Among Fisher’s many works is Postcards From the Edge, featuring a Hollywood actress with a famous mother, who, much like Fisher herself, battles addiction and depression. The film scholar Amy Lawrence examines how the Postcards from the Edge (both the novel and the film, which Fisher also wrote) offers “critiques of the system from within,” noting that the novel begins in an epistolary form, with vivid letters from Suzanne to her family during her stay in rehab.” Suzanne’s narrative voice is honest and brash; Lawrence describes it as “strong” and “sassy.” Suzanne is an actress ready to tell it like it is, in her own words.

But Hollywood is not known for giving women a chance to speak. Lawrence notes that in classic cinema a “woman’s natural ability to speak is interrupted, made difficult, or conditioned to a suffocating degree by sound technology itself,” and that the recording process separates a woman’s body from her voice. Just look at the canonical 1950s studio-era musical, Singin’ in the Rain, in which a silent film star needs a voice-double. The young singer who provides the disembodied voice (though her dance-heavy role in Singin’ in the Rain involves incredible physical feats) is of course Debbie Reynolds, Carrie Fisher’s mother. As Lawrence points out, “the relationship between women and their voices becomes the staging ground upon which attitudes toward the industry are expressed.”

Carrie Fisher had not only grown up with a famous mother, but had played an iconic big-screen heroine and gone through the industry wringer by the time she wrote her somewhat cynical roman à clef. In Postcards From the Edge, “Suzanne’s Hollywood is persistently revealed to be a false front. The opening scene turns out to be a shot from a film within the film… But on the whole it is a benign artifice—like the make-up on her mother’s face.”

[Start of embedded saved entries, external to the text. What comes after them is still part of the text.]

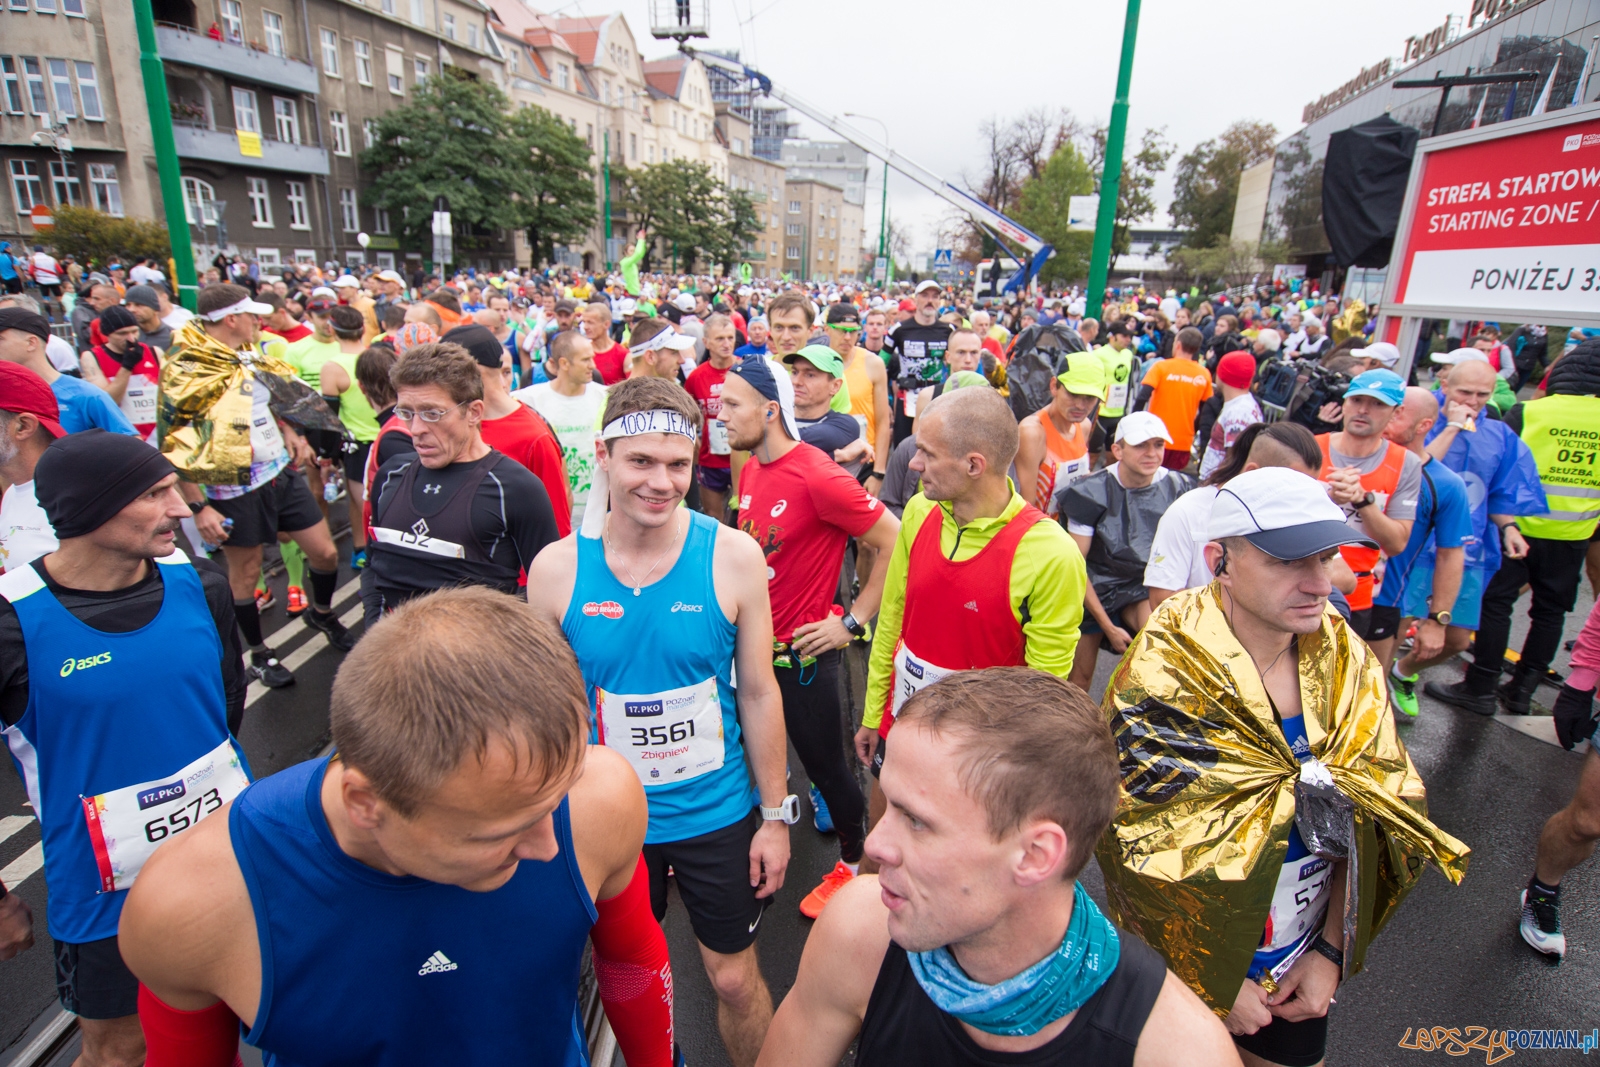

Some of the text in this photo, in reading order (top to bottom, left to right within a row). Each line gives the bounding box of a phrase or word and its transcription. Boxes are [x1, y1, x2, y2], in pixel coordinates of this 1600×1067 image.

[1427, 166, 1600, 207] STREFA STARTOW
[1428, 206, 1515, 234] STARTING
[1519, 201, 1583, 227] ZONE
[1471, 260, 1575, 292] PONIŻEJ
[133, 399, 155, 408] 1103
[621, 411, 657, 435] 100%
[1549, 428, 1600, 440] OCHRO
[1557, 449, 1597, 465] 051
[1539, 474, 1600, 487] NFORMACYJNA
[681, 604, 703, 612] asics
[76, 651, 112, 670] asics
[631, 719, 695, 746] 3561
[641, 745, 689, 760] Zbigniew
[145, 787, 223, 843] 6573
[418, 962, 458, 976] adidas

Much of the novel involves the fraught relationship between the legendary mother and the struggling daughter, and Lawrence points out that many of their conversations include overlapping comments and muttered asides. These women speak, but do they hear each other? “Despite the nature of the industry and the personal toll it takes on women, work is work. When Suzanne wants to quit— ‘I’m getting out of the business. If I don’t I’ll never have any kind of a chance at having a normal life’—her mother cuts her off.” Lawrence concludes, “In Postcards from the Edge no one declares war. A classic ‘post-feminist’ work, it is all-out surrender. And there is no getting out of the business.”

Does Suzanne have her own voice? Does her mother? One thing is for sure: Carrie Fisher had a voice, and it stays with us, loud and clear.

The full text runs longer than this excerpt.